After demobilisation, Williamson returned to his family home and entered employment with the Weekly Dispatch in Fleet Street. He had his first articles published in several major periodicals. In 1919, he read The Story of My Heart by the 19th Century English nature writer Richard Jeffries. This was to have a crucial impact upon Williamson as a revelation that he - the individual self- is more than an isolated echo but a link that stretches without beginning or end in a cosmic flow. It was the sun that represented the symbol of this timelessness and unity. For Williamson this truth - known to all traditionalist civilisations, but smothered in our materialistic society - is that of a mystical union between the eternal sunlight and the earth. The symbol of the ancient sunlight was something 'born within'.
Williamson "came to feel the long life of the earth back in the dimmest past while the sun of the moment was warm on me... This sunlight linked me through the ages to that past consciousness. From all the ages my soul desired to take that soul-life which had flowed through them as the sunbeams had continually found on earth".
It was now that he embarked on the first volume, The Beautiful Years, of Flax of Dream. In 1922, Williamson returned to the countryside and rented a cottage that had been built in the days of King John, next to the local church in Georgeham, North Devon. Williamson lived here hermit-like and studied nature in detail, tramping the countryside and sleeping out. The doors and windows of his cottage were always open, and he gathered about him a family of dogs, cats, gulls, buzzards, magpies and an otter cub. The otter, Tarka (meaning little water wanderer), had been rescued by Williamson after a farmer had shot its mother. The otter would walk like a dog alongside Williamson. One day it walked into a rabbit trap, panicked and fled. Williamson spent years looking for Tarka following the rivers Taw and Torridge. He didn't find Tarka, but his intimate contact with nature inspired him to write his most famous nature book Tarka The Otter. Published in 1927, this popular book was an intimate description of the English countryside, and gained Williamson the Hawthorne Prize for Literature in 1928.

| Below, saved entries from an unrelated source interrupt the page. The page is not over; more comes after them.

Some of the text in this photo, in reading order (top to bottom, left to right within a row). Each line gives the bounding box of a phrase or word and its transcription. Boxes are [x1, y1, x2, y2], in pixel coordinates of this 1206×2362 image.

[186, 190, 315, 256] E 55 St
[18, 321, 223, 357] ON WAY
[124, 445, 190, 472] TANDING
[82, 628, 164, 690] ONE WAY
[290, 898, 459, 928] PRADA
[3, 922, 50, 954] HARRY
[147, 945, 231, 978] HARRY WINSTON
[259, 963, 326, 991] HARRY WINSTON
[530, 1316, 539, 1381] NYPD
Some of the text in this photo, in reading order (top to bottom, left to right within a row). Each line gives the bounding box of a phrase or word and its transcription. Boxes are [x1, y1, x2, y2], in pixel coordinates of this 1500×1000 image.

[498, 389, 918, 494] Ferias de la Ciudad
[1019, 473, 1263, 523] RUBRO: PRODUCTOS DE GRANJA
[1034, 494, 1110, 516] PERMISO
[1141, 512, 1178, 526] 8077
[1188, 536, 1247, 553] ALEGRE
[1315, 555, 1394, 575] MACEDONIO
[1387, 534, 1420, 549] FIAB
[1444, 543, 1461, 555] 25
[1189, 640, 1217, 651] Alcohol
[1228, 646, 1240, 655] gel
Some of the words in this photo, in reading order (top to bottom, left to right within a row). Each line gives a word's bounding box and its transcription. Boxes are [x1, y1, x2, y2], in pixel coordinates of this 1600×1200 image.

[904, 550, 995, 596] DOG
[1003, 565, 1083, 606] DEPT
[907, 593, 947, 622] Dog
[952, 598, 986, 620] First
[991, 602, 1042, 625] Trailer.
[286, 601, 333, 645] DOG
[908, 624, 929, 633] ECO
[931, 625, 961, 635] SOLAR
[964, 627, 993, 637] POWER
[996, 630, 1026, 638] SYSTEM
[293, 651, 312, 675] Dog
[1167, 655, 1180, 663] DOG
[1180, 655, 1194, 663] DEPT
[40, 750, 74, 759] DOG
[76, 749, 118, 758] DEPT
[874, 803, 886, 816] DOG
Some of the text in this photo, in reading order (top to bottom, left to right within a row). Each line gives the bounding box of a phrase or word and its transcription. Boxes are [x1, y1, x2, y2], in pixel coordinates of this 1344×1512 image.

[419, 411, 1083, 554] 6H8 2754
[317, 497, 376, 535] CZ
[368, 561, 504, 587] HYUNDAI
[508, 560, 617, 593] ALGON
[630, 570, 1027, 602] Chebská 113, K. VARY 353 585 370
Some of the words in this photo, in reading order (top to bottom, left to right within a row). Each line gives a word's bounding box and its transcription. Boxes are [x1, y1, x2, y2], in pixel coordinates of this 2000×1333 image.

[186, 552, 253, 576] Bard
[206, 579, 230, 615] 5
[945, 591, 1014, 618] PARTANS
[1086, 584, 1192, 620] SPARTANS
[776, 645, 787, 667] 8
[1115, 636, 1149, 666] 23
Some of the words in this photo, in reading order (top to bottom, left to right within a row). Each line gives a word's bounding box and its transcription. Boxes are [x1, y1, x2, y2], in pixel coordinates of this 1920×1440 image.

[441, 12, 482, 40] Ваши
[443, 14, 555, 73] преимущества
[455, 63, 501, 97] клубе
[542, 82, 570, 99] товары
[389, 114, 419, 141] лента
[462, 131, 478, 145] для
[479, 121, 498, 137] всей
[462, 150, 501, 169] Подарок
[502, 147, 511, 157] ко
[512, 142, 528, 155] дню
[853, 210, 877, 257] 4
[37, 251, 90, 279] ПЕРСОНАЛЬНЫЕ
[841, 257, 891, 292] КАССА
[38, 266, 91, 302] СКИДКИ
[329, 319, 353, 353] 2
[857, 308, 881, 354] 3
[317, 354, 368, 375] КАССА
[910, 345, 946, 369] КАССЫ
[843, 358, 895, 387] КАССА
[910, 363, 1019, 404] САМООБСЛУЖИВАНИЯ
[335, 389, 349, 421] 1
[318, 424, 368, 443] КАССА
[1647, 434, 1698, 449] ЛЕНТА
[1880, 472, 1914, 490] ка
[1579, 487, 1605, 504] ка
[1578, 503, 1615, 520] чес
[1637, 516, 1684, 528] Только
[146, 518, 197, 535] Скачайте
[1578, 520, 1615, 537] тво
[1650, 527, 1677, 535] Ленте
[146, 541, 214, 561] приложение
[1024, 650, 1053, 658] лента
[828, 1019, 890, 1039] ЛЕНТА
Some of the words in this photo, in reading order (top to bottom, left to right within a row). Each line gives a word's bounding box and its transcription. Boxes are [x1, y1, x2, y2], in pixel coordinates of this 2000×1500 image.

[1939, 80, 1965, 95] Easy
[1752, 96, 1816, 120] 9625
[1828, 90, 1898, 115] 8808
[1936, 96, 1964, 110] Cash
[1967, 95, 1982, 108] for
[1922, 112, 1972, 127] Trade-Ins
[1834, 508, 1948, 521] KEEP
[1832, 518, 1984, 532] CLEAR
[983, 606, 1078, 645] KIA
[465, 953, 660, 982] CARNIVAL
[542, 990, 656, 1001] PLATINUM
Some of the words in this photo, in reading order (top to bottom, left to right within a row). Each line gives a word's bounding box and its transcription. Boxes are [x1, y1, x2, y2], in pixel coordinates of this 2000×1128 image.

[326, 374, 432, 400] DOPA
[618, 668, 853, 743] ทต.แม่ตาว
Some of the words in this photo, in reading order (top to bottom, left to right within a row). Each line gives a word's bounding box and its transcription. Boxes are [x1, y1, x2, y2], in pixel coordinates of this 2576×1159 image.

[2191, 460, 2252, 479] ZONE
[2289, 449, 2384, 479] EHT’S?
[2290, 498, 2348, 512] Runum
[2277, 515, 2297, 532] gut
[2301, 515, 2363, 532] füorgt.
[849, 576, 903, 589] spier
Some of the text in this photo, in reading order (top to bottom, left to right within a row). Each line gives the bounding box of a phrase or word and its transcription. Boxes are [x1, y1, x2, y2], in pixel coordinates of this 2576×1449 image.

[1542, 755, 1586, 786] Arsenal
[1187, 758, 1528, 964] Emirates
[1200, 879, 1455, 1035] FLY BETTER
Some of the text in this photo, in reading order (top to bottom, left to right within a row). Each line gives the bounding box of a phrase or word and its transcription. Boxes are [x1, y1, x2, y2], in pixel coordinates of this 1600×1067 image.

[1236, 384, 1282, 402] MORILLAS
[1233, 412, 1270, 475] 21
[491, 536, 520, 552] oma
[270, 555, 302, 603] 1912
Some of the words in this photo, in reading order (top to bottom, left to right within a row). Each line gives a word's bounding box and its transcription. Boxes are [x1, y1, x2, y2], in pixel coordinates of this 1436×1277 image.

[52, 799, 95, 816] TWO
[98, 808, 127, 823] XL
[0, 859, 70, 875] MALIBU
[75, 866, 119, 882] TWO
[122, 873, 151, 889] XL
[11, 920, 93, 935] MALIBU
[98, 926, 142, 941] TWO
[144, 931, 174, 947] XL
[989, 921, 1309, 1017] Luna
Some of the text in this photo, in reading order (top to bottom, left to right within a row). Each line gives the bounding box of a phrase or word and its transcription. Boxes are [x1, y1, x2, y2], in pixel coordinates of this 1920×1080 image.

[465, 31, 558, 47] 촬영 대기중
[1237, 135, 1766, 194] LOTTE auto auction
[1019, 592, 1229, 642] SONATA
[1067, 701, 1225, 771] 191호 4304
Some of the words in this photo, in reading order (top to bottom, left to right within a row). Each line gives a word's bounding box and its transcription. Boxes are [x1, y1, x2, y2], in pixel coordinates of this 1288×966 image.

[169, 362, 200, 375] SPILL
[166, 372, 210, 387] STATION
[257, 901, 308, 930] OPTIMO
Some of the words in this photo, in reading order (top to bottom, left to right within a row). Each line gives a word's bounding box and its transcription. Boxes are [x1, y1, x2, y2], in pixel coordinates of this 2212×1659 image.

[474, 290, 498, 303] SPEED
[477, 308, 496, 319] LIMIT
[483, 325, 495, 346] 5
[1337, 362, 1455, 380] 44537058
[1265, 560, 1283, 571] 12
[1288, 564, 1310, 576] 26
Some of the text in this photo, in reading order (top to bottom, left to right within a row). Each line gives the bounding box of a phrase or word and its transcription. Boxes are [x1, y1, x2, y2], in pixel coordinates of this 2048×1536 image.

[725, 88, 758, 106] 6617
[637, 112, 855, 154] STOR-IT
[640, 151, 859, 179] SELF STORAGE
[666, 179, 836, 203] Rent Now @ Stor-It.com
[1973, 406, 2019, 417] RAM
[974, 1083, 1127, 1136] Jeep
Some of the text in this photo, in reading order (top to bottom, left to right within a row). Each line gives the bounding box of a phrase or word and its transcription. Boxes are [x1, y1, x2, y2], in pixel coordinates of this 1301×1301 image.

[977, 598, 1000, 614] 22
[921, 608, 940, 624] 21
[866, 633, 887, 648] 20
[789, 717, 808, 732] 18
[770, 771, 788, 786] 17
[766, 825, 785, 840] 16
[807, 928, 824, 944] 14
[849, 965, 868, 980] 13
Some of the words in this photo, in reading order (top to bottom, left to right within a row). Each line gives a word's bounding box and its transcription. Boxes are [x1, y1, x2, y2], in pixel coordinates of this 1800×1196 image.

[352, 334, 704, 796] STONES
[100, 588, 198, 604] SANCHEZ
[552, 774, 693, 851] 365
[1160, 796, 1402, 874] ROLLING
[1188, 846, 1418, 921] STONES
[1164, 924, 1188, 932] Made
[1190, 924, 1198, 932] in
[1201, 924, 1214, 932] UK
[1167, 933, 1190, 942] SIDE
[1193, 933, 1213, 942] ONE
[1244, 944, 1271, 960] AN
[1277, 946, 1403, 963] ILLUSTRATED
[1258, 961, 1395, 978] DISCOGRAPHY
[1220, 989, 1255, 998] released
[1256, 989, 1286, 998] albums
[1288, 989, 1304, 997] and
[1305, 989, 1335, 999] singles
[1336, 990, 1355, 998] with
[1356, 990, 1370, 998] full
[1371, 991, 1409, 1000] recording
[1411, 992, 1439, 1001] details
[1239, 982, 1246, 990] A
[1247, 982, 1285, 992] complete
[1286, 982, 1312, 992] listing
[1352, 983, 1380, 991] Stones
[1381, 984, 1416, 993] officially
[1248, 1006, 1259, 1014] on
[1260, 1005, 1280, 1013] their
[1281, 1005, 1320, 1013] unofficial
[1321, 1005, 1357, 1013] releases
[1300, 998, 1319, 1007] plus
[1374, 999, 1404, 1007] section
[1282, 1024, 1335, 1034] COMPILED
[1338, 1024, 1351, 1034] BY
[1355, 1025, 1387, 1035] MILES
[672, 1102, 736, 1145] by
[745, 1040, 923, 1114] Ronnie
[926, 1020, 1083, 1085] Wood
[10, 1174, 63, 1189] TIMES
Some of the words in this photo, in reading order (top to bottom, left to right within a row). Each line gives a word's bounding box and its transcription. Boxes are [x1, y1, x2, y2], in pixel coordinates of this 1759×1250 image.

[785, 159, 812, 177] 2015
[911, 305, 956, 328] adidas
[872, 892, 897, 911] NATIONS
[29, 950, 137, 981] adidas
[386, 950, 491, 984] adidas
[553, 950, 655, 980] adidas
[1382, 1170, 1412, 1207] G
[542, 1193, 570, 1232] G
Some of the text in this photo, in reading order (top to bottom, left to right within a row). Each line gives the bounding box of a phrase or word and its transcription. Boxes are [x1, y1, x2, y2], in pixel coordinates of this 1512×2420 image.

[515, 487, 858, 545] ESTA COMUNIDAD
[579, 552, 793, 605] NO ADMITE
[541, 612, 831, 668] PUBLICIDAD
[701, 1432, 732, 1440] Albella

In 1925, he married and his first son was born the following year. In 1929, the family moved to Shallowford, Devon, where over the next thirteen years four further children were sired, and more books were published, including Salar the Salmon. From 1937-45 the Williamson family lived at the Old Hall Farm in North Norfolk, where many more books and articles were written, and a sixth child was born.
Williamson attended the 1935 Nuremberg Congress and was impressed by the economic and social achievements of Germany whilst the British continued to languish in poverty and unemployment. He saw a racial community based on the values of land and a revived peasantry, freed from banker's interest, guaranteed from foreclosure, and the pioneering conservation laws and projects. Williamson saw in the faces of the German people expressiveness and confidence that looked as if they were "breathing, extra oxygen" as he put it.
Williamson wrote for Mosley's paper "Action". He called for Anglo-German brotherhood, recognising that Hitler desired nothing more than peace with Britain. He saw that the result of another war would be the bringing of Asiatic Bolshevism to the heart of Europe. He sought to have his friend T. E. Lawrence (of Arabia) join with Mosley in a peace campaign. Lawrence was returning from having posted his letter to Williamson agreeing to such a campaign when he had his fatal motorbike accident.
In 1940 around a thousand Englishmen were interned without trial for opposing the war, including Mosley and 800 BUF members. Williamson was among those arrested. Williamson was paroled on condition that he remained silent. With this defeat of Germany Williamson stated that his hopes for a regenerated Europe had been killed.
In 1950, he remarried and sired another son, divorcing in 1968. His "Chronicle of Ancient Sunlight" was written between 1951 and 1969, and was acclaimed as a masterpiece of English literature, despite the efforts of certain interests to obliterate his name. He published his final book The Scandaroon in 1972, the story of a racing pigeon. In 1974, he began working on the script for a film of "Tarka". Unknown to Williamson, filming went ahead despite the failing health that prevented him from completing the task himself.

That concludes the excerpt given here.